Although he’s rehearsed and played some TV spots with The Dawes (singer Taylor Goldsmith is another Clairvoyant guest contributor), Robertson has no intention of touring behind the new album, or touring ever again.

Period.

“The road for me, because I started so young, I felt like I had learned just about everything I could learn from that,” Robertson explains. “I wanted to be able to challenge myself in other ways, and being on the road, it made me feel like I was in the same play for the rest of my life. And the redundancy of that was not exciting.

“As much admiration and respect I have for people that go out and tour forever, they have an attachment to that that I don’t have anymore. I haven’t toured since The Last Waltz, and in that movie, I talked about giving up touring.

“And I’m one of the only people that have stuck to their word on this thing.” he chuckles.

Robertson won’t be performing at his own April 2 induction into the Canadian Songwriters Hall Of Fame, either, although he’s thrilled to be recognized for a body of work that includes such Band classics as “Up On Cripple Creek,” “The Night They Drove Old Dixie Down,” “The Weight” and solo work like “Showdown At Big Sky” and “Somewhere Down The Crazy River.”

Stacking it up against some of his other accolades — a partial list includes The Band’s 1989 entry into the Canadian Music Hall of Fame and The Rock ‘N Roll Hall Of Fame five years later; a 1997 Lifetime Achievement Award from the National Academy of Songwriters and a 2008 Grammy Lifetime Achievement Award, also for The Band — Robertson said he’s thankful.

“When it all comes down to it, you try to do different things that are all exciting. I really have such fun making records, and this was one of the records I feel most fulfilled by, for all kinds of technical reasons — my singing, my playing, my songwriting, all of it.

“But when you line up all of those things, there’s nowhere to go without the song. And I first and foremost, I put that at the top of the list for me of challenges, so that’s why this award in particular really pushes a button.”

Robertson, also interviewed for the acclaimed documentary series Yonge Street — Toronto Rock & Roll Stories that aired on Bravo earlier this week, is also thrilled to be returning here for the ceremony. (“Every time I go back to Toronto, I get a really warm feeling inside,” he states.)

Robertson’s future plans reveal a full plate: in late May, he’ll return to Ottawa to finally receive the Order Of Canada he was awarded in 2007. Then he’ll start working on his memoirs for Random House, something he credits How To Become Clairvoyant for stirring up his interest.

“This record had something to do with opening that door for me,” says Robertson, who will spend a year or two recounting his life.

“I’m really looking forward to just rolling up my sleeves, sitting down and telling the story — and I’ve got a bunch of ’em.

“There have been people in the past who have come to me to write biographies on me, and in that process I really came to the conclusion that I needed to tell them myself.”

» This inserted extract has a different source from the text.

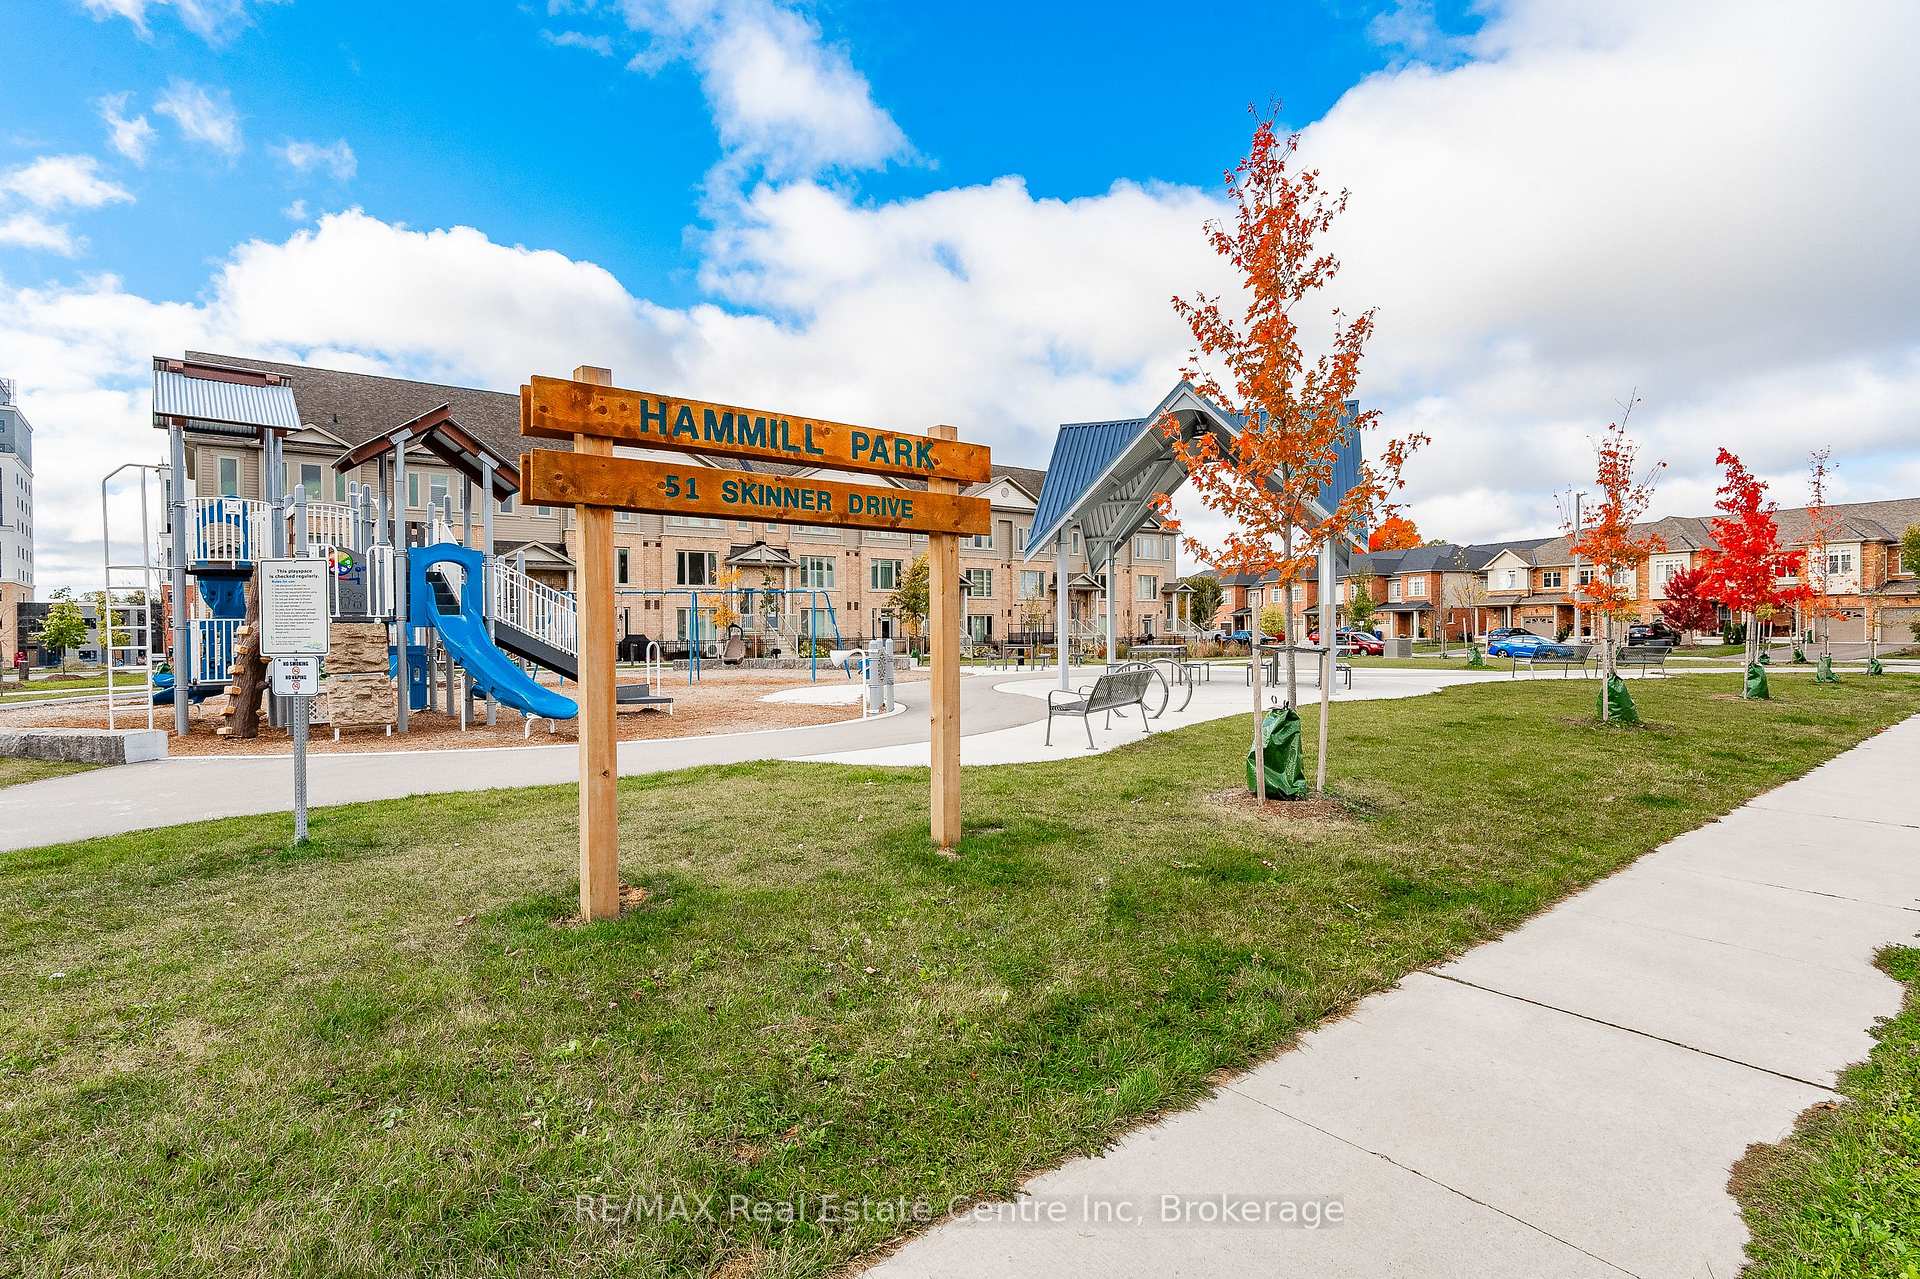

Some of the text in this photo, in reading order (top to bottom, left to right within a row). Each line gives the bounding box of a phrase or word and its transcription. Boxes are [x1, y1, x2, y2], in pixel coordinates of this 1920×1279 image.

[639, 399, 936, 470] HAMMILL PARK
[665, 475, 914, 519] 51 SKINNER DRIVE

He’s especially consumed with the Cohl collaboration in the staging of the salute to First Nations music, though he gave no timeline as to the project’s completion.

“I have a great idea for a show story, and we’re in the process of trying to put that together,” Robertson revealed. “No one’s ever seen it before, what we’re talking about. It’s something that’s never been done before.”

Soon, you’ll even be able to mail Robertson to a friend, as Canada Post is launching his visage on a 57-cent stamp as part of a Canadian recording artist tribute that includes Kate & Anna McGarrigle and Quebec powerhouse vocalist Ginette Reno in July.

“That’s something that I didn’t see coming,” says Robertson.

“I think, some countries, you have to be dead to have your picture on a stamp. So I feel pretty honoured — like I beat the system or something.”